>>>>

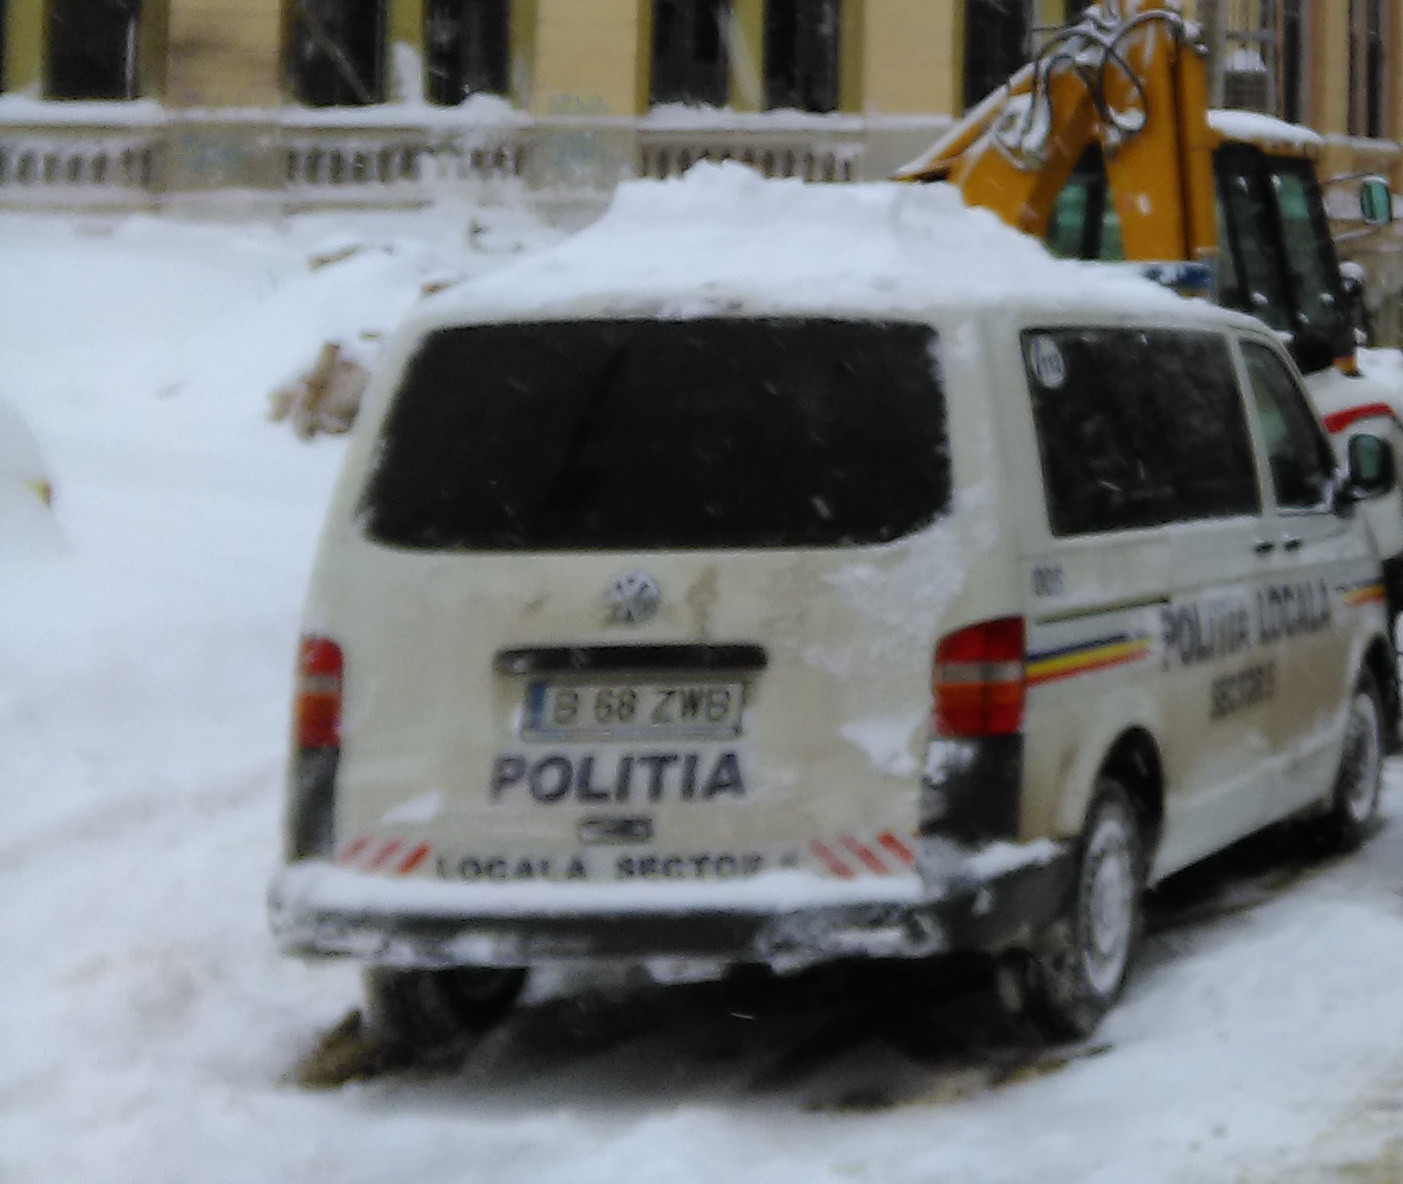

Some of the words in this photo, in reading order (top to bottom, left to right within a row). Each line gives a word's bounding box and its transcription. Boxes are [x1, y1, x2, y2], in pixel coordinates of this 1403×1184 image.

[555, 688, 579, 724] B
[651, 687, 731, 725] ZWB
[488, 752, 746, 803] POLITIA
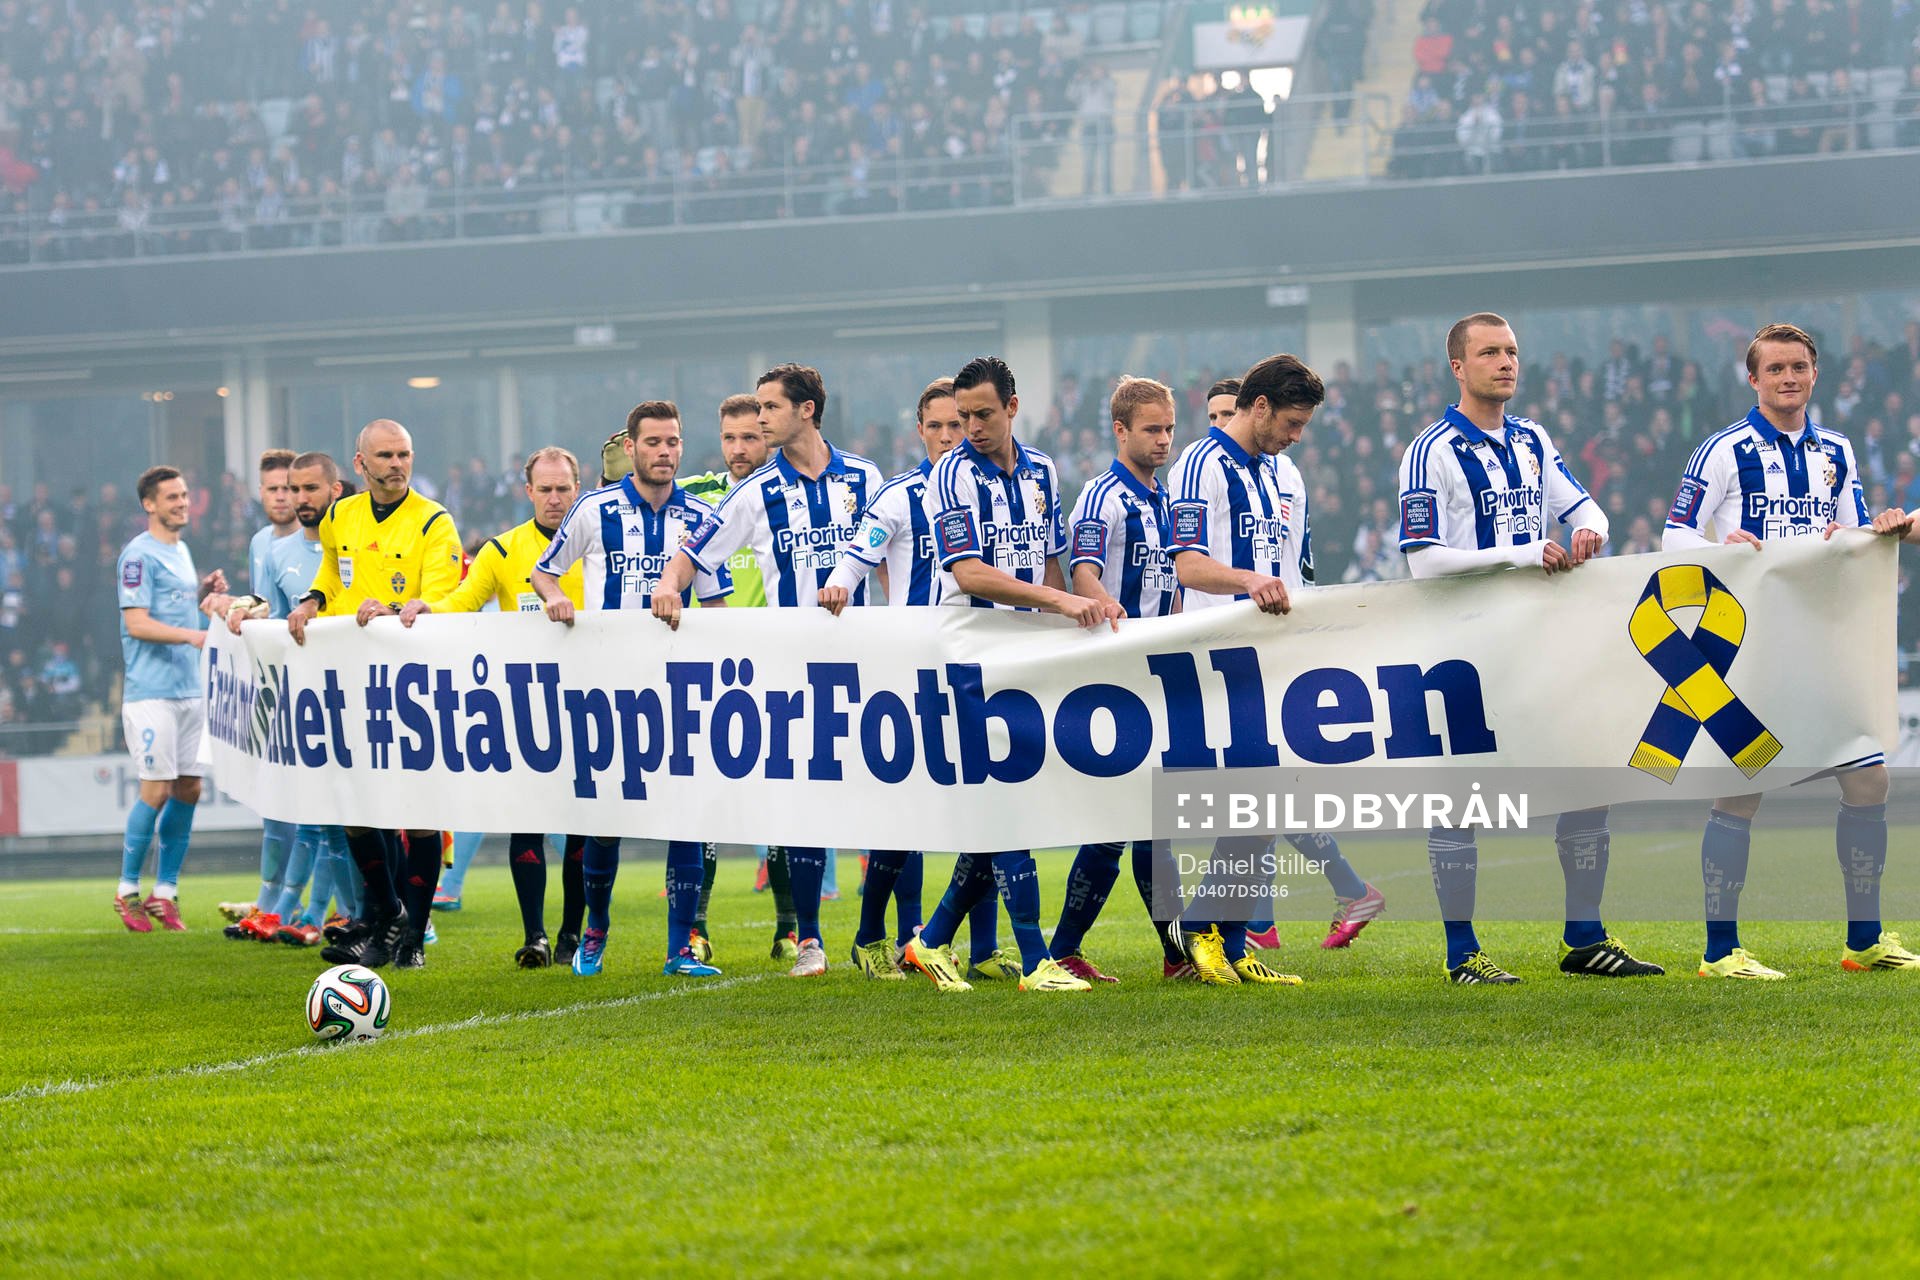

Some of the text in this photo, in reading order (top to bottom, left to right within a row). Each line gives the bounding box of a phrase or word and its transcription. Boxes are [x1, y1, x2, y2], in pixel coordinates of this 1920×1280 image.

[1752, 494, 1838, 519] Prioritet
[793, 550, 847, 570] Finan
[995, 547, 1045, 567] Finans
[521, 604, 540, 612] FIFA
[364, 647, 1498, 800] #StåUppFörFotbollen
[142, 727, 155, 753] 9
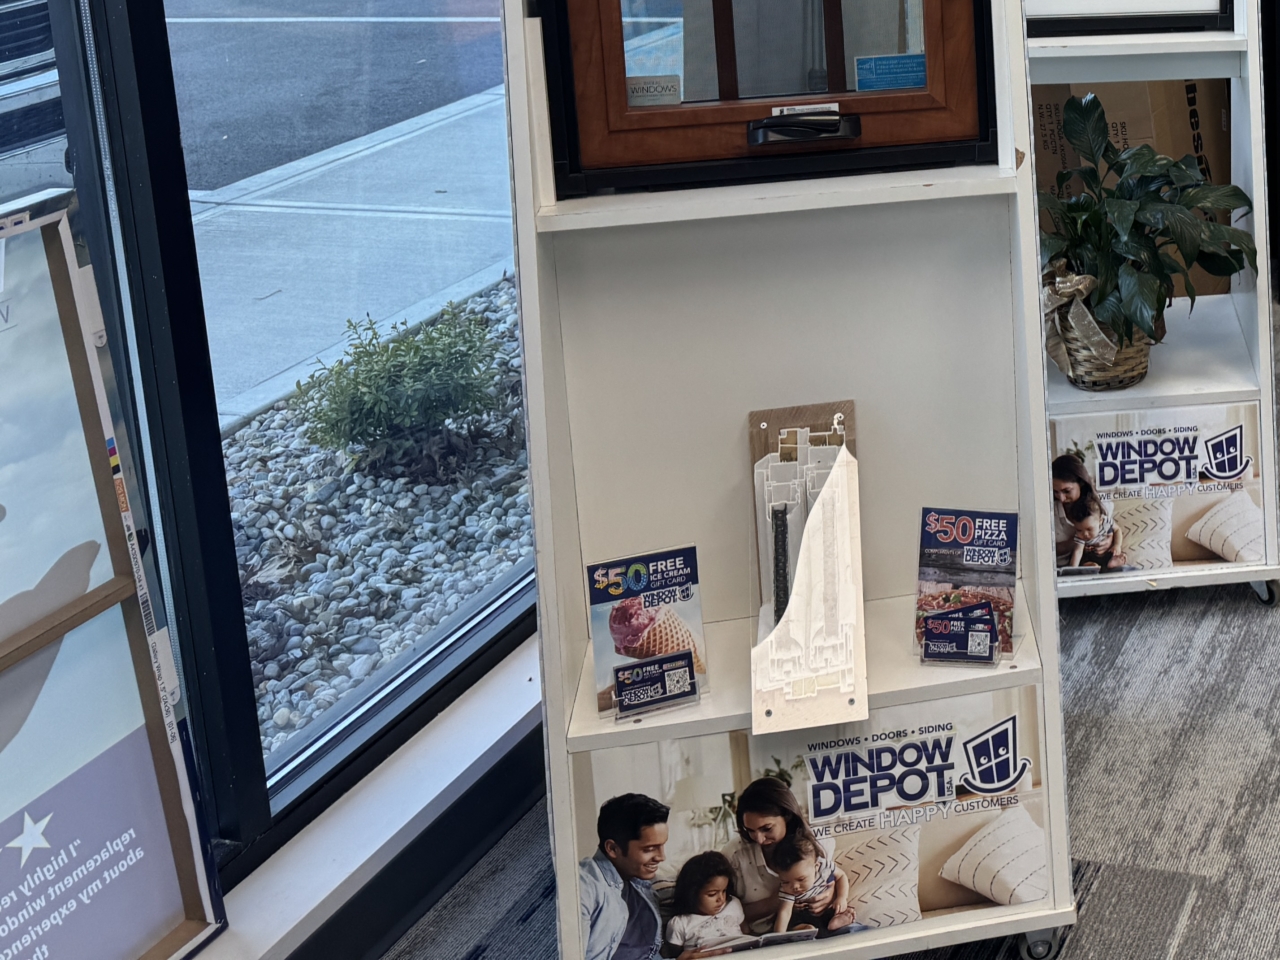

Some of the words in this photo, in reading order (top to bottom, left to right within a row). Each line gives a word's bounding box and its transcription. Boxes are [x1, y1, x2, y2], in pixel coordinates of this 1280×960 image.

[630, 85, 677, 94] WINDOWS
[1042, 140, 1049, 150] KG
[1096, 430, 1133, 439] WINDOWS
[1141, 428, 1166, 436] DOORS
[1097, 436, 1198, 461] WINDOW
[1099, 455, 1198, 486] DEPOT
[1099, 492, 1111, 500] WE
[1113, 490, 1142, 499] CREATE
[1145, 482, 1197, 499] HAPPY
[1198, 482, 1244, 492] CUSTOMERS
[926, 512, 974, 543] $50
[976, 519, 1007, 530] FREE
[975, 531, 1007, 540] PIZZA
[965, 547, 996, 557] WINDOW
[965, 555, 996, 564] DEPOT
[594, 562, 648, 596] $50
[649, 557, 684, 573] FREE
[650, 572, 663, 581] ICE
[664, 567, 690, 579] CREAM
[650, 579, 665, 588] GIFT
[666, 576, 686, 585] CARD
[643, 588, 678, 601] WINDOW
[643, 595, 677, 609] DEPOT
[927, 619, 950, 634] $50
[618, 667, 643, 684] $50
[643, 664, 659, 672] FREE
[808, 737, 861, 751] WINDOWS
[872, 730, 908, 742] DOORS
[918, 723, 953, 735] SIDING
[809, 736, 954, 782] WINDOW
[812, 763, 954, 819] DEPOT
[813, 826, 831, 838] WE
[834, 818, 875, 833] CREATE
[880, 802, 950, 829] HAPPY
[954, 796, 1019, 813] CUSTOMERS

<<<<

All of the entries above should be retyped exactly, with the pictures left out.

Some of the words in this photo, in reading order (top to bottom, left to right within a row). Each line gives a word's bounding box and its transcription. Boxes are [x1, y1, x2, y2], in pixel coordinates of this 1403×1184 image.

[555, 688, 579, 724] B
[651, 687, 731, 725] ZWB
[488, 752, 746, 803] POLITIA

Some of the text in this photo, in reading order (top to bottom, left to right within a row). Each line gives the bounding box of a phrase or word and its transcription. Boxes are [x1, y1, x2, y2], in pixel coordinates of this 1920×1280 image.

[1752, 494, 1838, 519] Prioritet
[793, 550, 847, 570] Finan
[995, 547, 1045, 567] Finans
[521, 604, 540, 612] FIFA
[364, 647, 1498, 800] #StåUppFörFotbollen
[142, 727, 155, 753] 9

Some of the words in this photo, in reading order (top to bottom, left to right within a row). Each line gives a word's bounding box and its transcription. Boxes are [x1, y1, x2, y2], in pixel coordinates of this 1280×960 image.

[630, 85, 677, 94] WINDOWS
[1042, 140, 1049, 150] KG
[1096, 430, 1133, 439] WINDOWS
[1141, 428, 1166, 436] DOORS
[1097, 436, 1198, 461] WINDOW
[1099, 455, 1198, 486] DEPOT
[1099, 492, 1111, 500] WE
[1113, 490, 1142, 499] CREATE
[1145, 482, 1197, 499] HAPPY
[1198, 482, 1244, 492] CUSTOMERS
[926, 512, 974, 543] $50
[976, 519, 1007, 530] FREE
[975, 531, 1007, 540] PIZZA
[965, 547, 996, 557] WINDOW
[965, 555, 996, 564] DEPOT
[594, 562, 648, 596] $50
[649, 557, 684, 573] FREE
[650, 572, 663, 581] ICE
[664, 567, 690, 579] CREAM
[650, 579, 665, 588] GIFT
[666, 576, 686, 585] CARD
[643, 588, 678, 601] WINDOW
[643, 595, 677, 609] DEPOT
[927, 619, 950, 634] $50
[618, 667, 643, 684] $50
[643, 664, 659, 672] FREE
[808, 737, 861, 751] WINDOWS
[872, 730, 908, 742] DOORS
[918, 723, 953, 735] SIDING
[809, 736, 954, 782] WINDOW
[812, 763, 954, 819] DEPOT
[813, 826, 831, 838] WE
[834, 818, 875, 833] CREATE
[880, 802, 950, 829] HAPPY
[954, 796, 1019, 813] CUSTOMERS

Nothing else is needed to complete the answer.